Extracted data entries
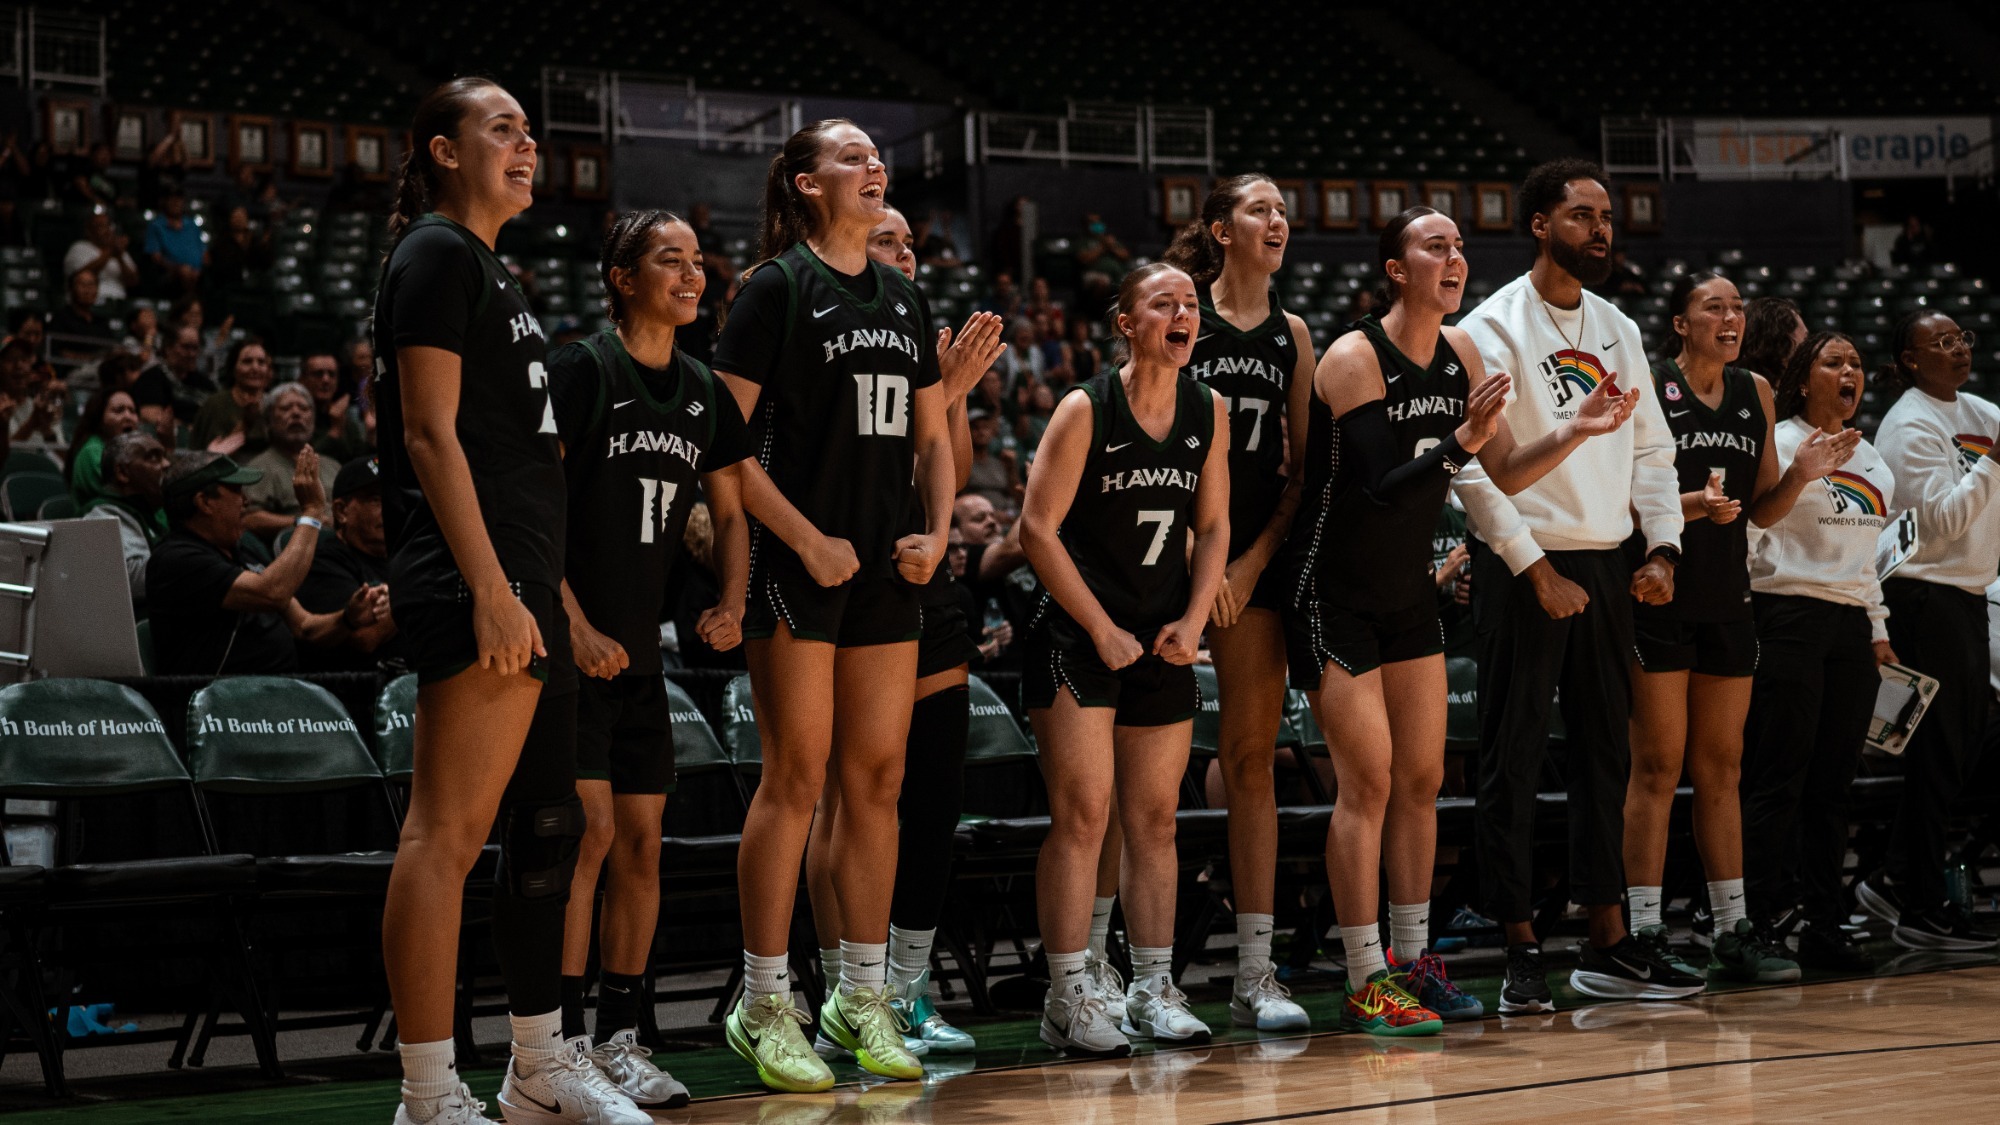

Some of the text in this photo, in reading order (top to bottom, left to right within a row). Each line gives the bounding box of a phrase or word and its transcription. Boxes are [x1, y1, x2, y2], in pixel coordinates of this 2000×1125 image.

[853, 373, 909, 437] 10
[638, 477, 678, 544] 11
[1817, 517, 1856, 526] WOMEN'S
[1136, 509, 1175, 566] 7
[23, 720, 75, 736] Bank
[77, 720, 98, 736] of
[100, 718, 165, 736] Hawaii
[227, 718, 275, 734] Bank
[276, 719, 295, 734] of
[299, 717, 358, 733] Hawaii

▶ Task instructions
Copy the data character for character, but drop all pictures from the copy.

▶ Task output
Some of the text in this photo, in reading order (top to bottom, left to right within a row). Each line gives the bounding box of a phrase or word and its transcription. Boxes are [x1, y1, x2, y2], in pixel coordinates of this 2000×1125 image.

[853, 373, 909, 437] 10
[638, 477, 678, 544] 11
[1817, 517, 1856, 526] WOMEN'S
[1136, 509, 1175, 566] 7
[23, 720, 75, 736] Bank
[77, 720, 98, 736] of
[100, 718, 165, 736] Hawaii
[227, 718, 275, 734] Bank
[276, 719, 295, 734] of
[299, 717, 358, 733] Hawaii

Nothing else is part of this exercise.